ORTHOPOD Study Results
ORTHOPOD is a multi-centre collaborative study investigating the performance of trauma services, characteristics and distribution of injuries across the United Kingdom. It emerged out of growing concerns among members within the trauma community that injuries with recommended time to surgery windows were being missed and the delivery of trauma care within a nationalised health service was suboptimal.
The study ran for 10 consecutive weeks, across 90 hospitals, including 23,138 general trauma cases and 709 weeks’ worth of theatre capacity entries. From this, two key works were produced.

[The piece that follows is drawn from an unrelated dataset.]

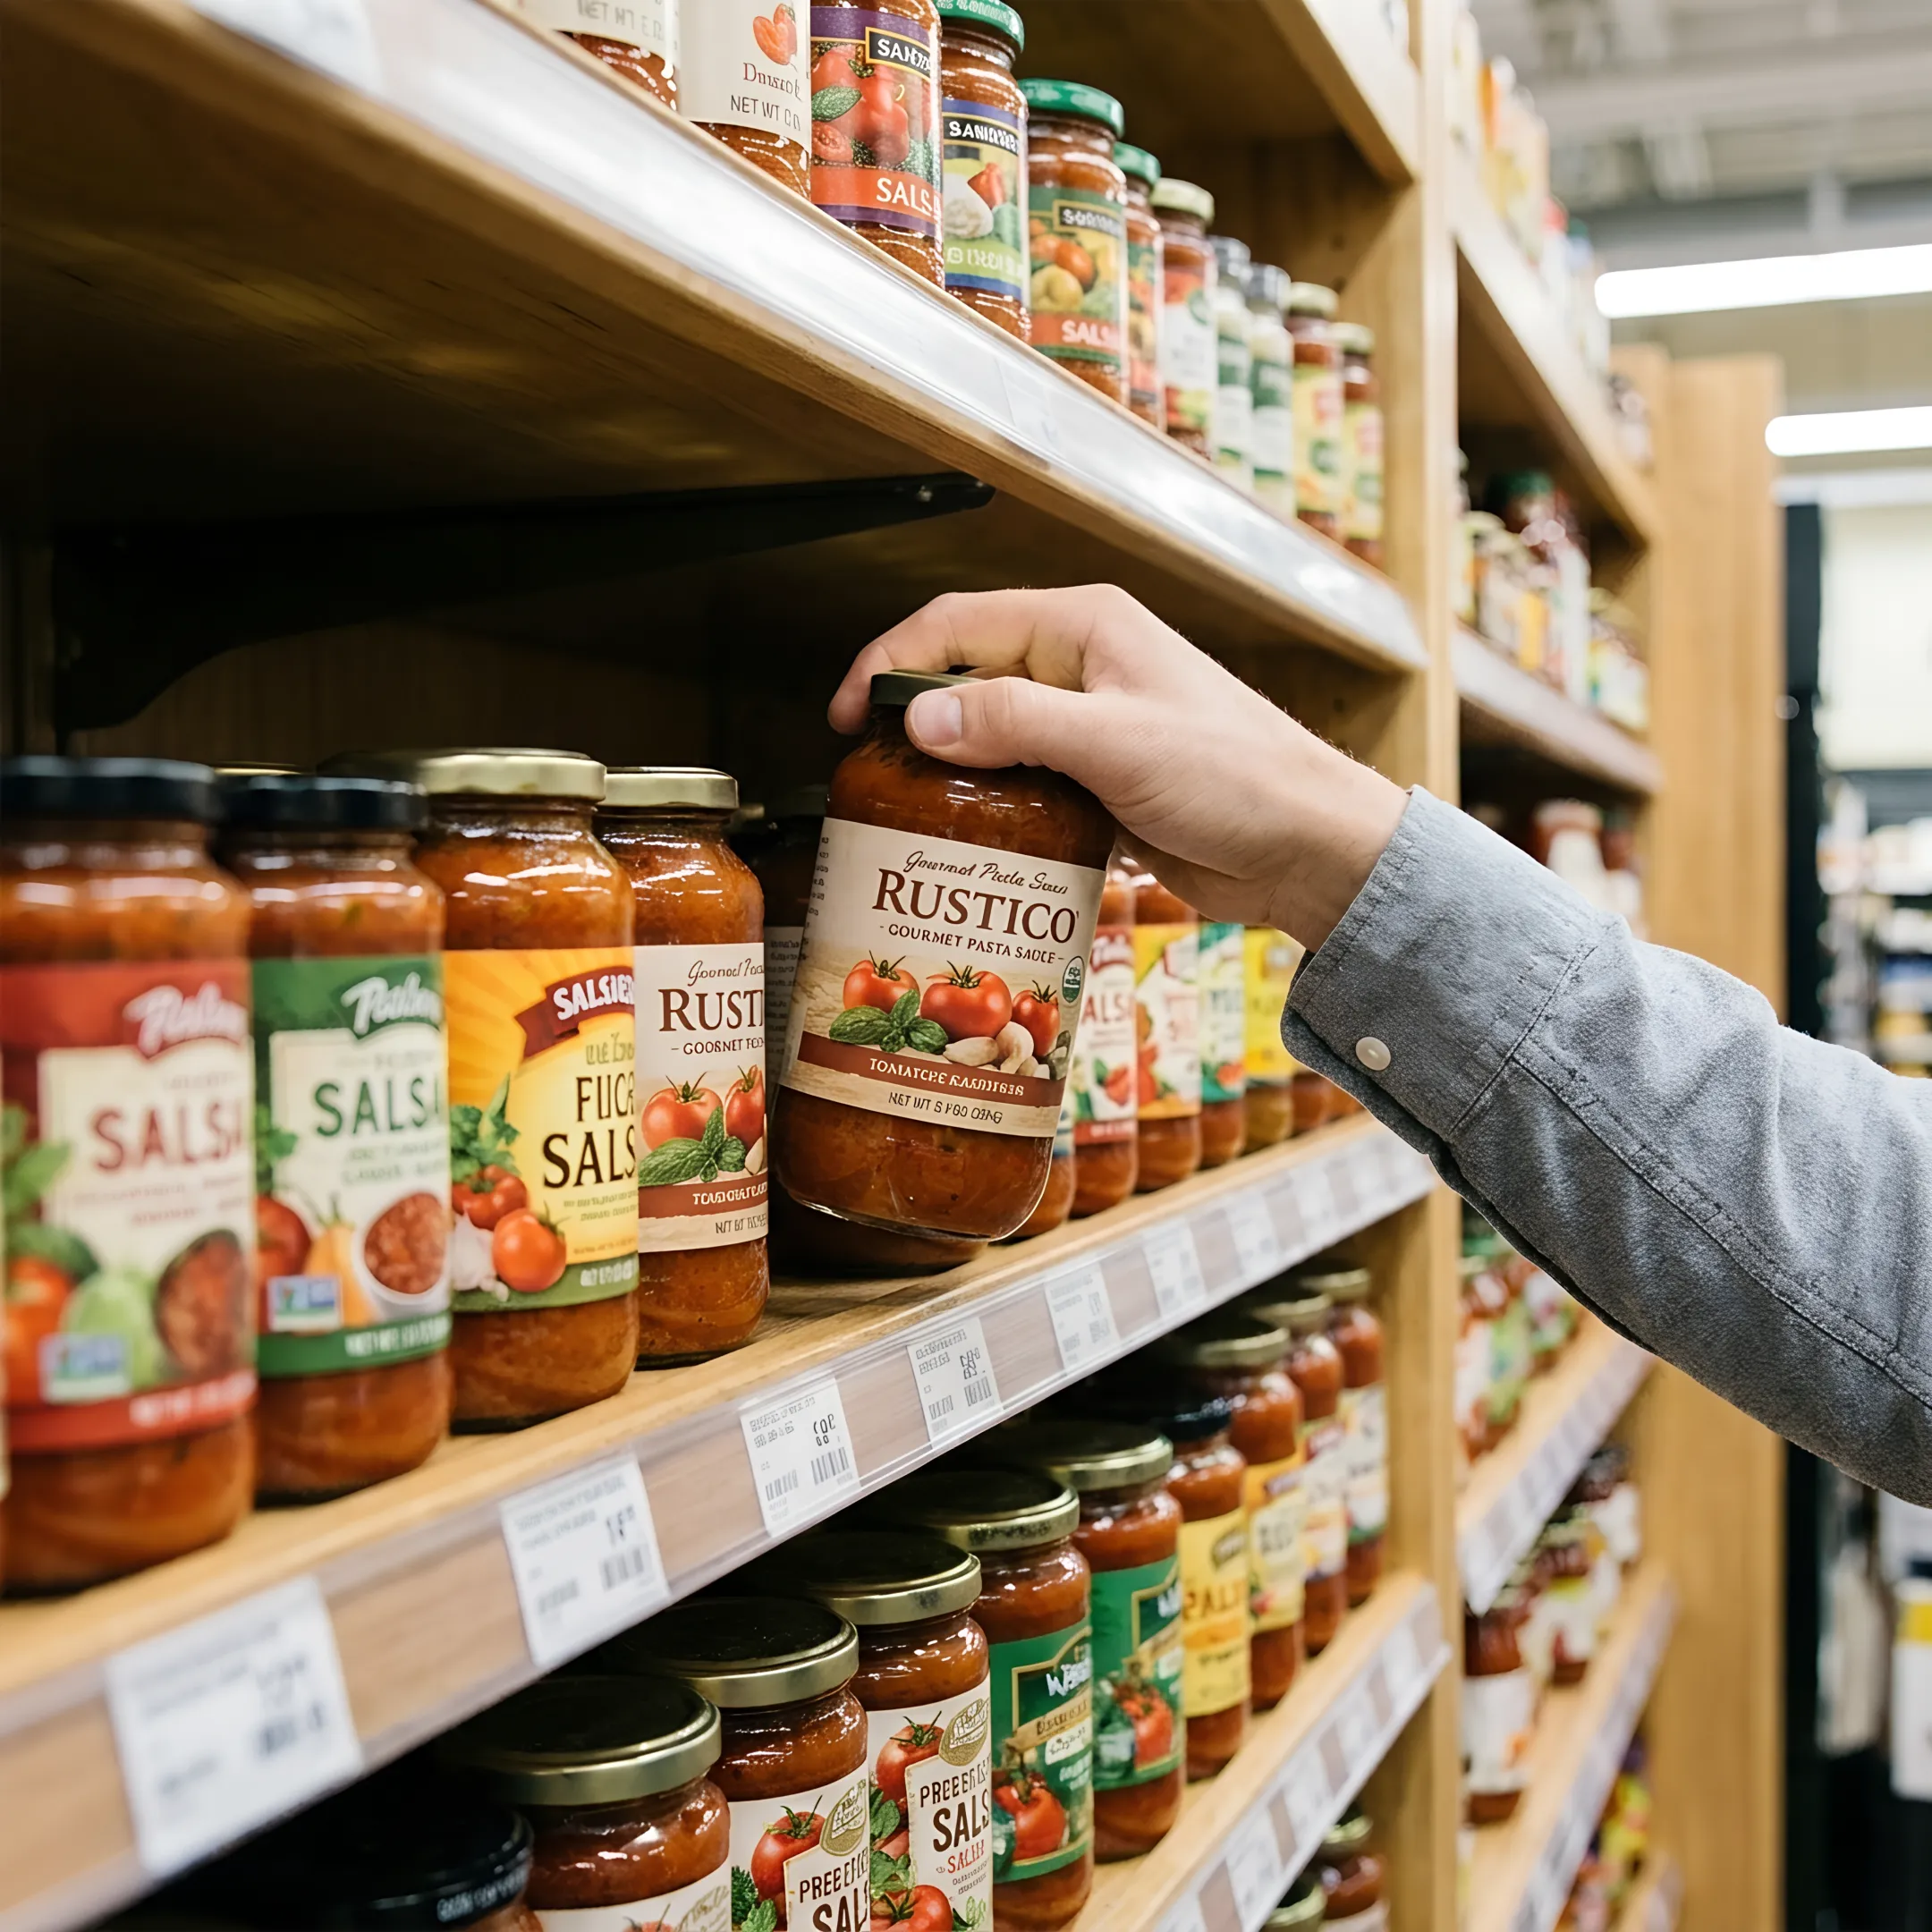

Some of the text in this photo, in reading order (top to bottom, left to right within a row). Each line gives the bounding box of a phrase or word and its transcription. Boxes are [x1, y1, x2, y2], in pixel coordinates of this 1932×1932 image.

[730, 94, 758, 114] NET
[871, 868, 1077, 945] RUSTICO
[966, 937, 1012, 958] PASTA
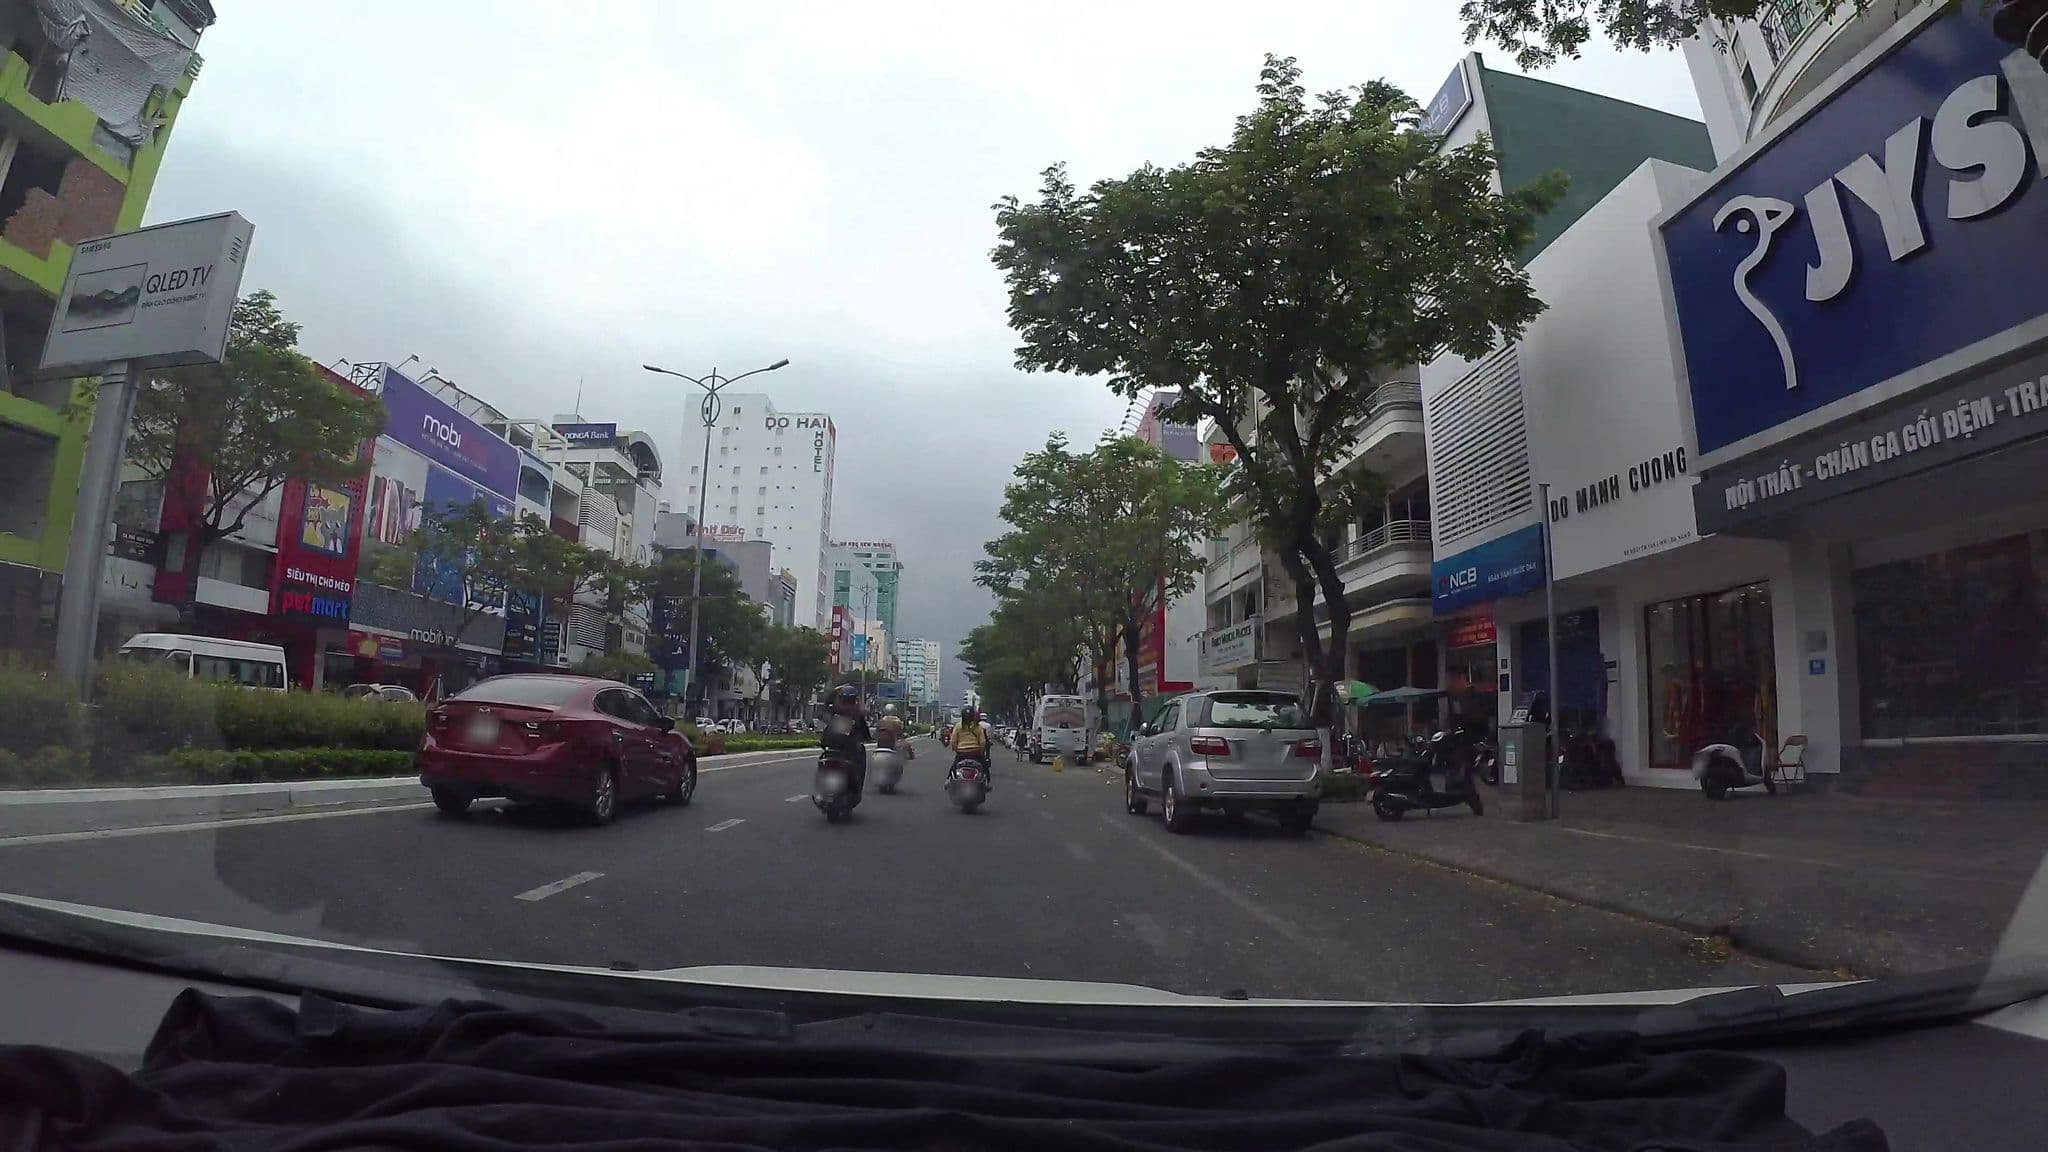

The first paper described trauma performance in its generality. It highlighted significant variability in the delivery of trauma services, both operative demand and list provision. On average, 1.73 cases were completed per trauma theatre session. Those injuries associated with performance metrics and incentives, for example open and hip fractures, showed least variation and shortest time to surgery. Patients waiting for surgery at the start of each week also fluctuated greatly within and between hospitals, highlighting an opportunity to develop intra-regional networks to better distribute trauma workload to effectively utilise all available trauma theatre capacity.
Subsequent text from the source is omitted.